### Task material

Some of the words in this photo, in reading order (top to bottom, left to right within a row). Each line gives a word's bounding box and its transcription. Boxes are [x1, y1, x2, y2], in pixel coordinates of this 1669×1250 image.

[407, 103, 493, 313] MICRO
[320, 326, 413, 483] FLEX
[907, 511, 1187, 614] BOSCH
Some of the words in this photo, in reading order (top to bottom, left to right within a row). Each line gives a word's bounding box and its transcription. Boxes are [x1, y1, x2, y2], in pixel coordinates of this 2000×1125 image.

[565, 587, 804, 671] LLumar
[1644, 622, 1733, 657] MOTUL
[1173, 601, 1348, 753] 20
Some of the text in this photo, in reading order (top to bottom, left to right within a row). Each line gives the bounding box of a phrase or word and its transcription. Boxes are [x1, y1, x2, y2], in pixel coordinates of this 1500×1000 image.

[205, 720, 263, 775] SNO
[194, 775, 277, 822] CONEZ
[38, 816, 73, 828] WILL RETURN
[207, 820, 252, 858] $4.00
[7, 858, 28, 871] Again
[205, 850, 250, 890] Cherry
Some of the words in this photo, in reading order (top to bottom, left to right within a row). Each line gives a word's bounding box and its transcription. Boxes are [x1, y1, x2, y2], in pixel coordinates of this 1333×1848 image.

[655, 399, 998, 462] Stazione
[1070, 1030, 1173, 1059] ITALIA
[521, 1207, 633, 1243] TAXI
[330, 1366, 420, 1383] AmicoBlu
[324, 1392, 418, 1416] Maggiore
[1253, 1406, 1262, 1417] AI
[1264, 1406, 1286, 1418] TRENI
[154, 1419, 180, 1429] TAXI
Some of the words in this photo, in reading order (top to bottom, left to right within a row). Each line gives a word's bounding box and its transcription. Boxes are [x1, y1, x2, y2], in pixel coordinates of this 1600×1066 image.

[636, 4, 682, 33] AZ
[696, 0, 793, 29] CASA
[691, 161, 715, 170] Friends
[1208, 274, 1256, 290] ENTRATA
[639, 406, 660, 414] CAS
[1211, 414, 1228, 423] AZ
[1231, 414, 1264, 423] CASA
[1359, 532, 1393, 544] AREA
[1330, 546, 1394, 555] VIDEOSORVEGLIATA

### Prompt
Retype the lines from the one containing "this 1600×1066 image." through the last line of the records. Leave out everything else.

### Written solution
Some of the words in this photo, in reading order (top to bottom, left to right within a row). Each line gives a word's bounding box and its transcription. Boxes are [x1, y1, x2, y2], in pixel coordinates of this 1600×1066 image.

[636, 4, 682, 33] AZ
[696, 0, 793, 29] CASA
[691, 161, 715, 170] Friends
[1208, 274, 1256, 290] ENTRATA
[639, 406, 660, 414] CAS
[1211, 414, 1228, 423] AZ
[1231, 414, 1264, 423] CASA
[1359, 532, 1393, 544] AREA
[1330, 546, 1394, 555] VIDEOSORVEGLIATA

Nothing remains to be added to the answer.